Many things can be said in order to provide advice on your Dental admission test (DAT). Nevertheless, what you should always aim for is to be properly prepared for it, this means acquiring the knowledge necessary to actually get it done without too much fuss. Knowing how to improve your DAT scores starts by understanding as much as you can from the actual dental admission test.

So, let’s begin by covering the basics and then moving on to what you can actually expect from a DAT. This all starts from knowing exactly what you’ll be getting yourself into.

DAT scores

What is the DAT?

The dental admission test, known in shot as DAT, is a timed multiple-choice exam issued and conducted by the American Dental Association. This test aims to measure the general academic ability, comprehension of scientific information and perceptual ability of anyone taking it.

All dental school applicants are required to undergo this test before acceptance into any U.S. dental school. While your DAT scores aren’t the only thing that will decide if you get accepted or not, it is a requirement for acceptance and it carries the most weight.

Every dental school has particular minimal requirements that include minimal DAT scores that every applicant must meet in order to be considered. Other factors that are treated as requirements, such as a minimal GPA, are issued by each school individually as well.

Basically, if you want to become a dentist you need to prepare and make sure to get high DAT scores. Before I begin explaining the actual test, what it entails and each part it has. Let’s explain how to apply to it first.

What you need to know before addressing your DAT scores.

How do I apply to take the DAT?

Before you can take the DAT, you need to receive approval from the Department of Testing Services at the ADA. You will obtain a DENTPIN as a first step, then you’ll have to submit an application. That last bit can be done from this page.

After you’re approved you need to be ready and prepared. You will only have 6 months after approval to take the DAT. In addition to this, you won’t be able to receive a refund for your payment. This is why you need to be committed and ready to take the test before 6 months.

How much does the DAT cost?

Currently the fee to take the test is of 415$, this payment is not refundable and non-transferable.

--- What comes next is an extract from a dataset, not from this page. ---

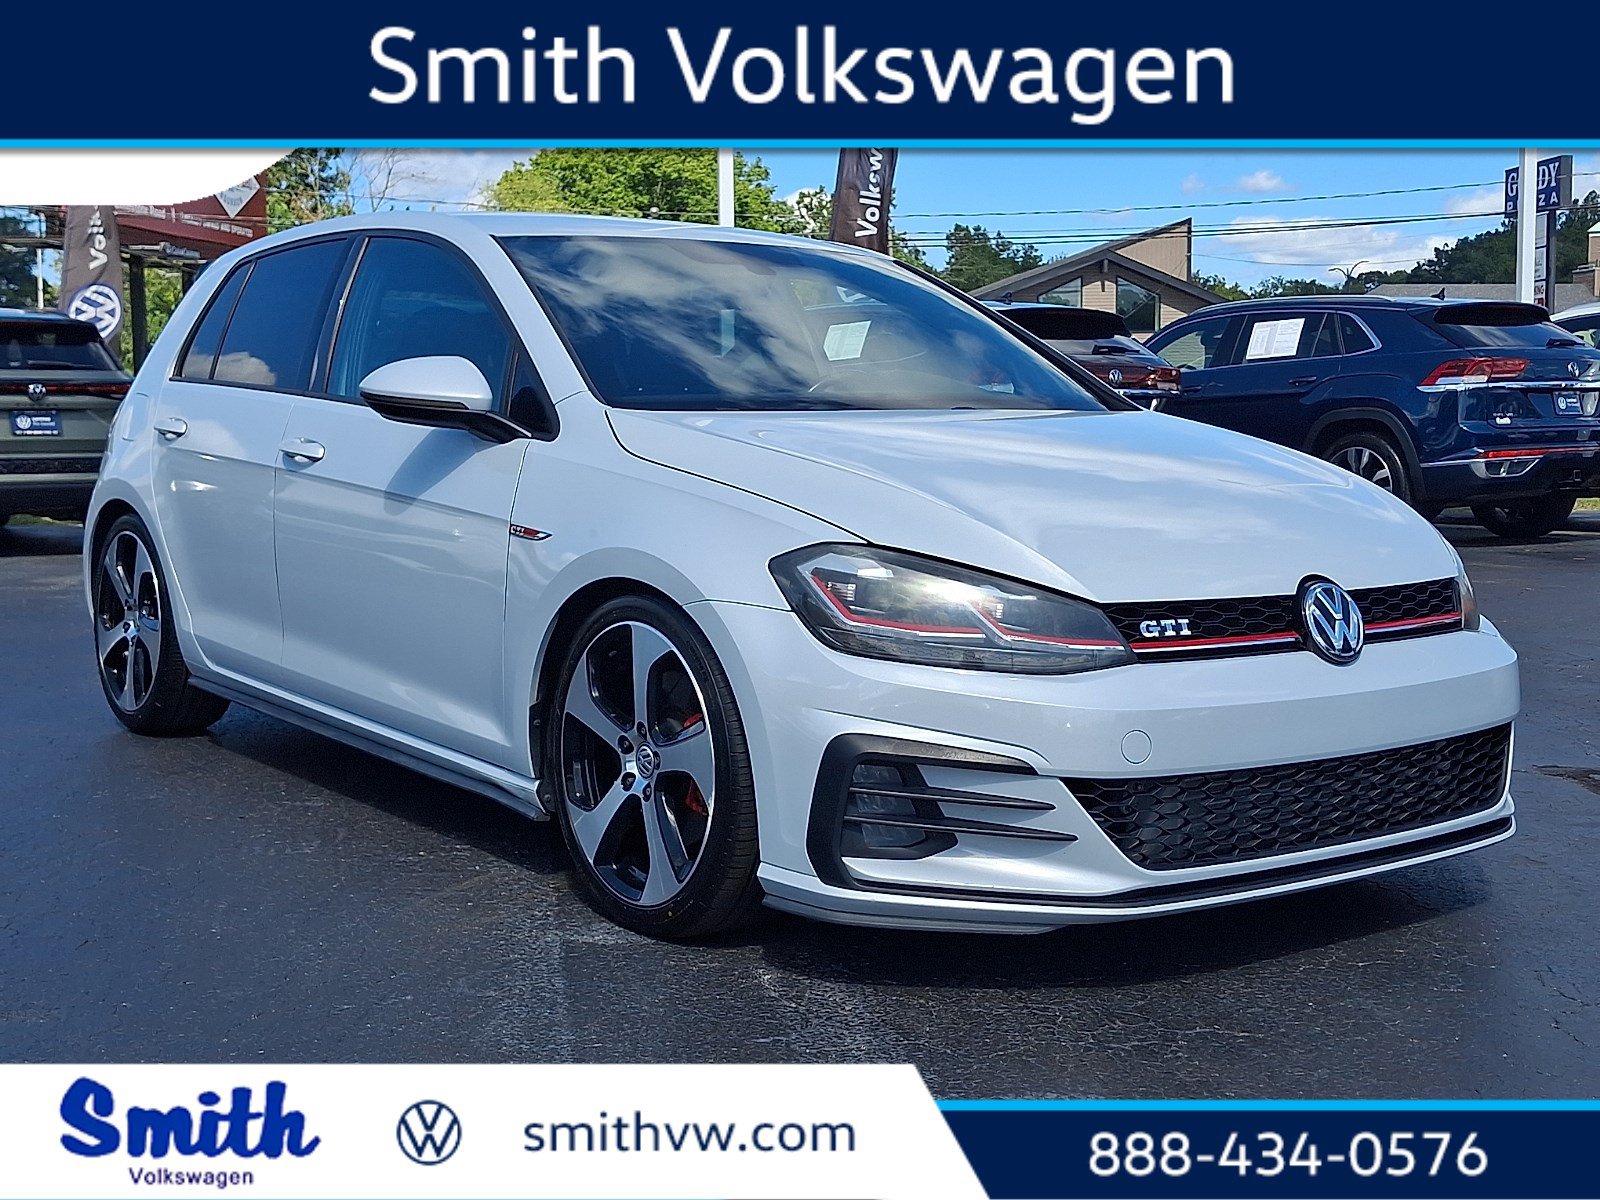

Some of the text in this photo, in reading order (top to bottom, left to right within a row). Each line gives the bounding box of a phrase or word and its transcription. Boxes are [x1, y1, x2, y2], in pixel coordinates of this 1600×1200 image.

The payment covers the official reporting to all of the schools that you have listed on your DAT application. Also, an unofficial score report issued at the testing center and official score reporting to your pre-dental advisor.

You can submit updates to the schools you selected on your DAT application as long as you submit them to the ADA’s DTS at any point before the test. If this is not the case and those are not received before the test then you’ll have to pay a fee of 34$ per each report sent.

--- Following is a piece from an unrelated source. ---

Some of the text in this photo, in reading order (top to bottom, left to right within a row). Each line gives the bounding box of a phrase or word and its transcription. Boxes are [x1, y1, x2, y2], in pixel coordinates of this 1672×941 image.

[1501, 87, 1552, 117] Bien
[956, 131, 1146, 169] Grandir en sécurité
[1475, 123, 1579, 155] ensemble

Is there financial assistance available for the DAT?

The American Dental Association (ADA) offers some help with the cost of the test. This is for students that are U.S. citizens or residents that have received financial aid from or for their educational institution. This financial help for the test covers 50% of the fee but it does not entail for any additional charges. A person taking the test that has previously received a fee waiver or that has taken the test before is not eligible for this financial help.

This fee waivers are limited and granted based on a first-come, first-served basis. If you’re interested in receiving a fee waiver yourself then you must submit a form with your financial information, your completed paper DAT application and your educational institution financial aid award letter. The necessary form can be requested from datexam@ada.org. You need to request the fee waiver writing in. This means that if you submit an electronic DAT application you are ineligible for a fee waiver.

When can I take the DAT?

Some good news here, the DAT is a test administered on a year-round basis. It’s taken at centers operated by Prometric Incorporated. After your application for the DAT has been approved, you will receive an email notification to visit Prometric, or to contact them to schedule a test appointment.

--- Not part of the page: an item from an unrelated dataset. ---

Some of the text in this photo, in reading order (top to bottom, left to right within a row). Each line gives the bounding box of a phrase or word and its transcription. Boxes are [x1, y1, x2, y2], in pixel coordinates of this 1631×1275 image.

How many times can I take the test?

You do have to wait 90 days after you take the DAT in order to retake the test. You will be required to submit a new application and pay all the pertinent fees again for each retake. However, if you have three or more test attempts you will have to apply for permission to retest.

To request addition testing you must submit a letter to the ADA’S Department of Testing Services and you have to provide evidence that you have intended to apply to a dental school with the last 18 months. You can include the following along with the evidence provided.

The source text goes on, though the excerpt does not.